[[ Input records, beginning ]]

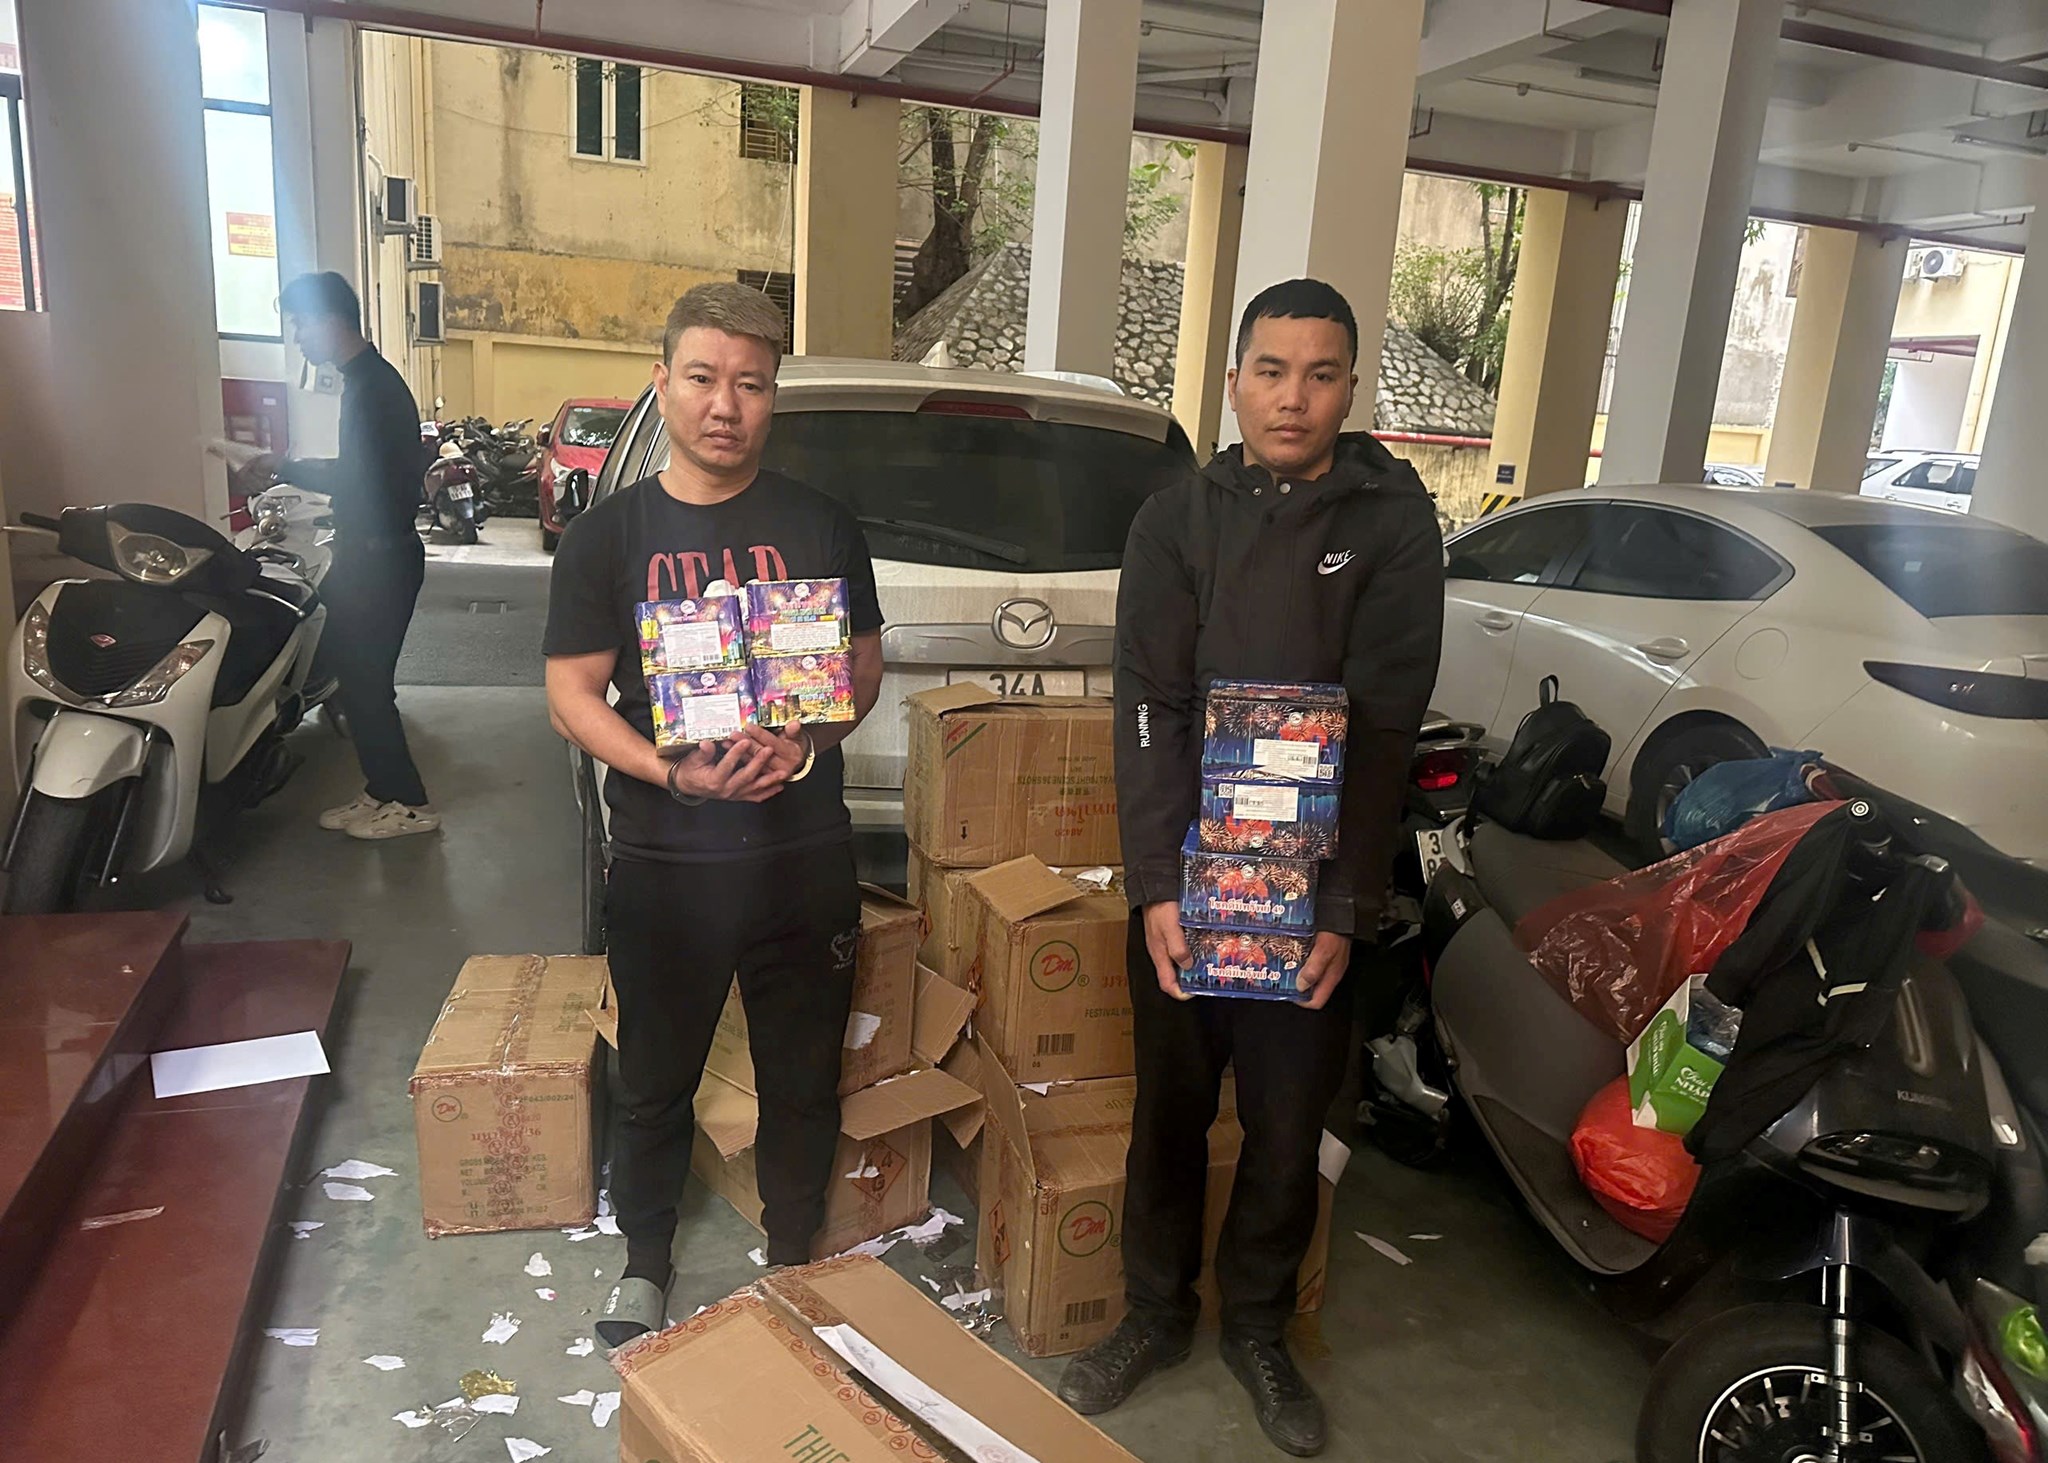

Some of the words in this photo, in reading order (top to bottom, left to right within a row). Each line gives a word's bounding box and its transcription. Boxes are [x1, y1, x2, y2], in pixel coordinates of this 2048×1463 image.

[1323, 549, 1356, 564] NIKE
[1139, 703, 1151, 749] RUNNING
[1272, 904, 1285, 915] 49
[1268, 970, 1281, 981] 49
[1084, 1008, 1120, 1018] FESTIVAL
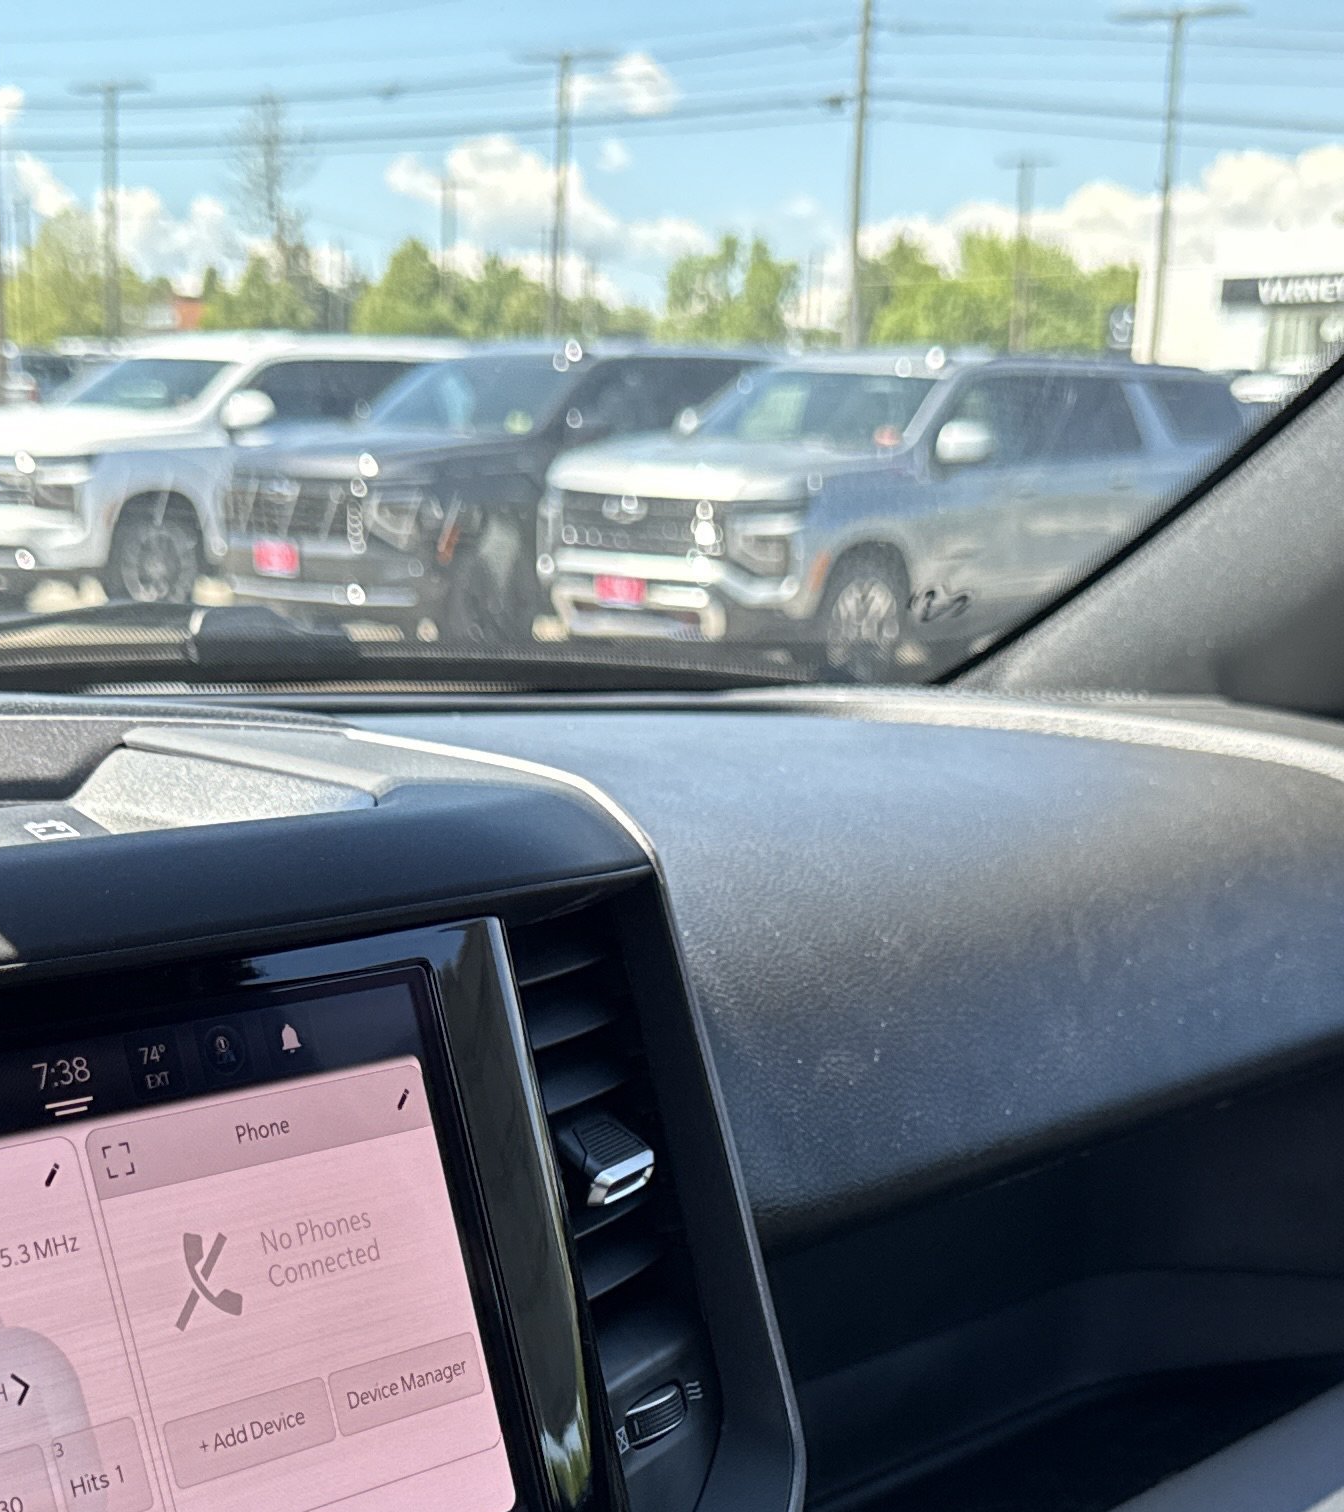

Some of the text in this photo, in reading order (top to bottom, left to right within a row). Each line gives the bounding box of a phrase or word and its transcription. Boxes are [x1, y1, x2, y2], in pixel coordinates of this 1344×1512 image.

[[ Input records, end ]]

> Try it: What is needed is a verbatim copy of the entries, leaving out any pictures.

> Written solution:
Some of the words in this photo, in reading order (top to bottom, left to right within a row). Each line gives a word's bounding box and its transcription. Boxes are [x1, y1, x2, y2], in pixel coordinates of this 2048×1463 image.

[1323, 549, 1356, 564] NIKE
[1139, 703, 1151, 749] RUNNING
[1272, 904, 1285, 915] 49
[1268, 970, 1281, 981] 49
[1084, 1008, 1120, 1018] FESTIVAL

Some of the text in this photo, in reading order (top to bottom, left to right within a row). Each line gives the bounding box of a phrase or word and its transcription. Boxes are [x1, y1, x2, y2], in pixel coordinates of this 1344×1512 image.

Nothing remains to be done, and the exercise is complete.